----- Records supplied
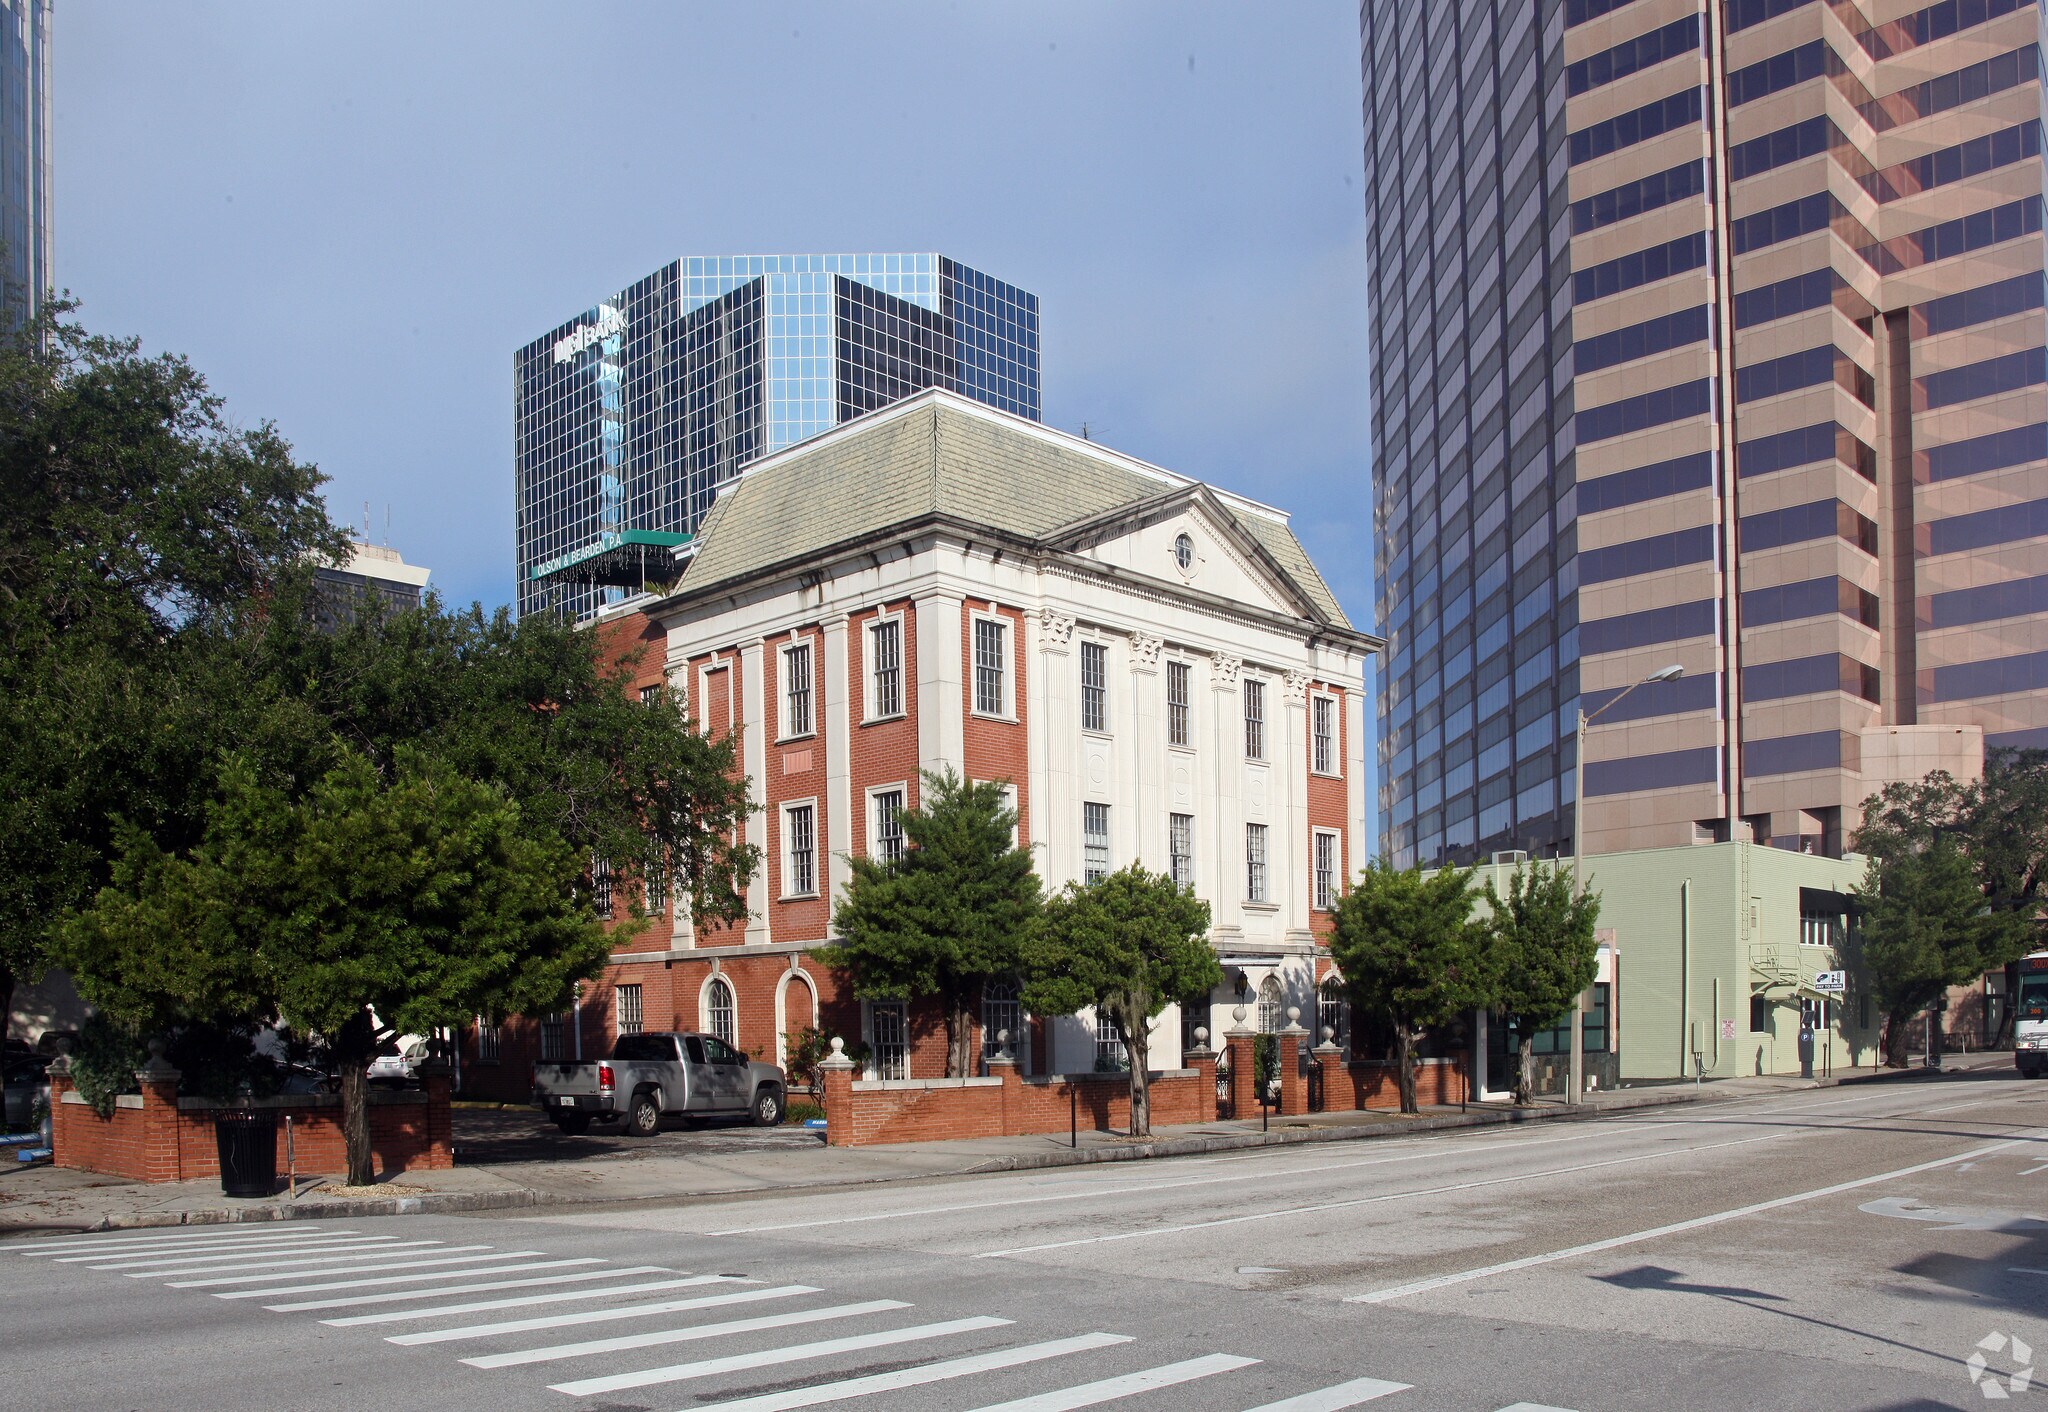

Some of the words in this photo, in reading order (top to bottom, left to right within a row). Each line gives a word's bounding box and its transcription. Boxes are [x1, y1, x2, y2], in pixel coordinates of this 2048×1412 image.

[537, 557, 561, 576] OLSON
[563, 554, 569, 566] &
[609, 533, 623, 549] P.A.
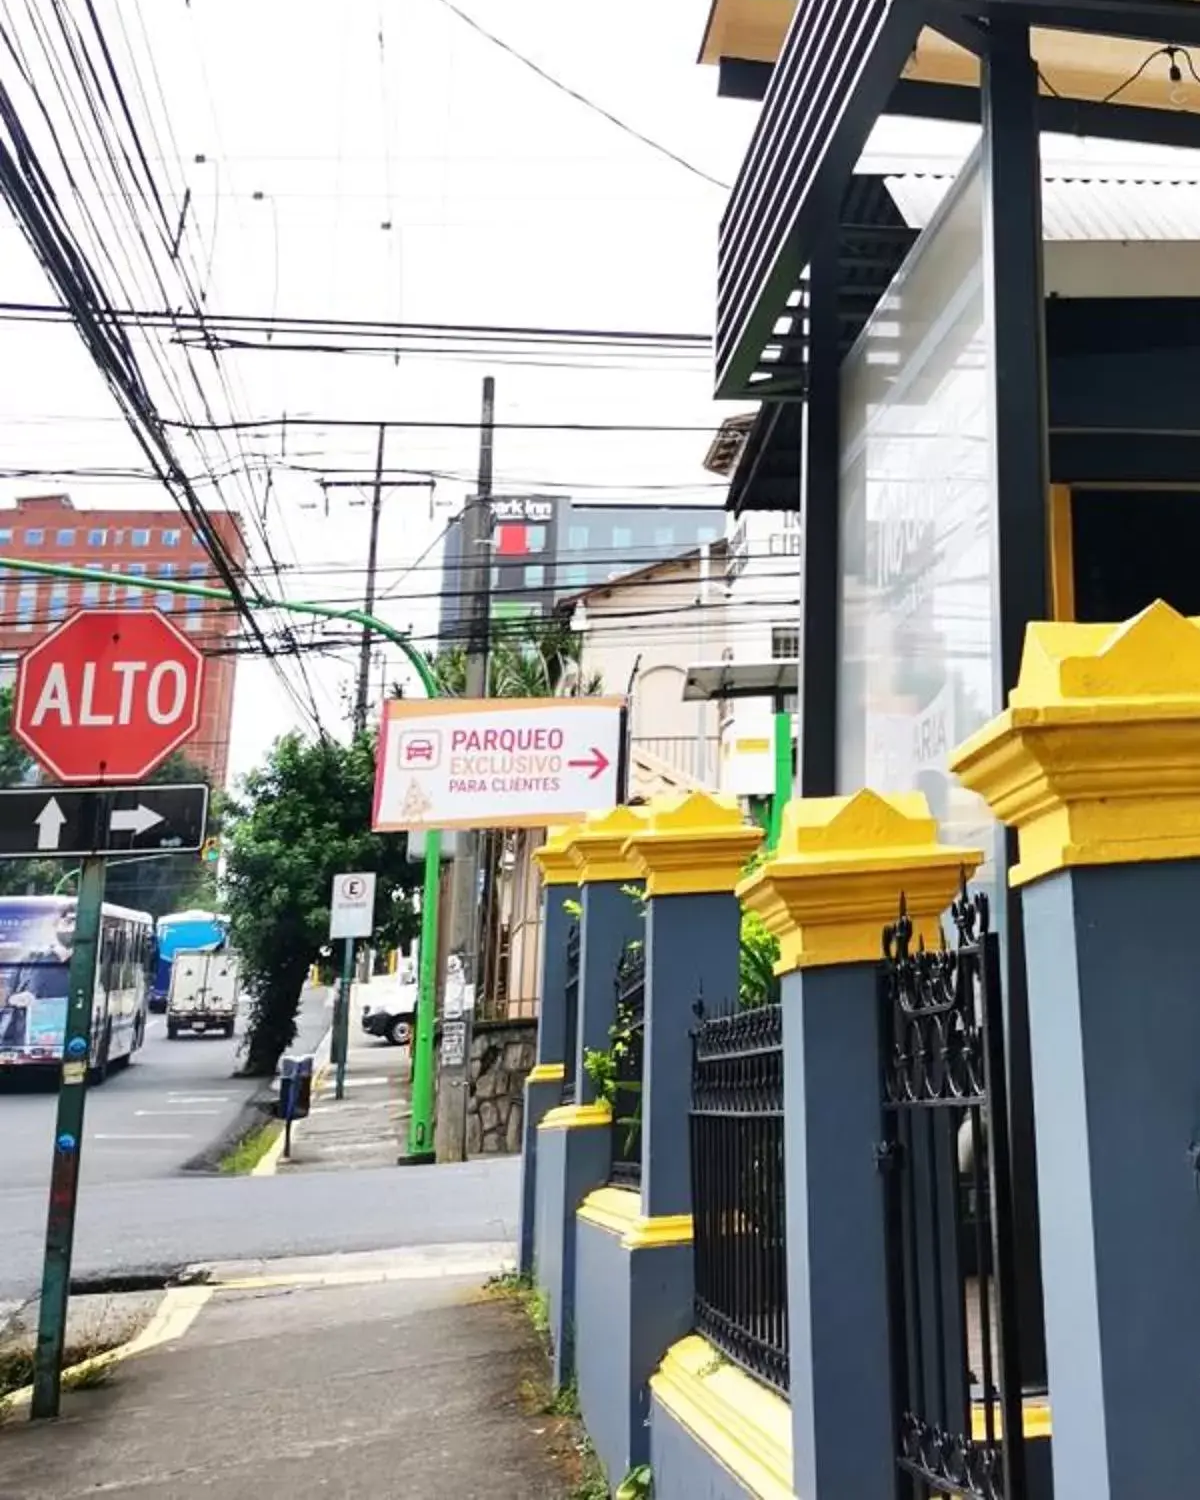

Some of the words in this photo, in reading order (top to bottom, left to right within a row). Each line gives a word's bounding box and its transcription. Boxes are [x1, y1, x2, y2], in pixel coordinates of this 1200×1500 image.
----------
● Task prompt:
Take the entries above and restate them word for word, minus their images.

● Expected answer:
Some of the words in this photo, in reading order (top to bottom, left to right within a row). Each line gives a word's bounding box and its transcription. Boxes are [x1, y1, x2, y2], in pixel coordinates of this 2048×1412 image.

[537, 557, 561, 576] OLSON
[563, 554, 569, 566] &
[609, 533, 623, 549] P.A.

Some of the words in this photo, in reading order (top to bottom, left to right within a row). Each line gives a word's bounding box and its transcription. Boxes are [x1, y1, x2, y2], in pixel coordinates of this 1200×1500 image.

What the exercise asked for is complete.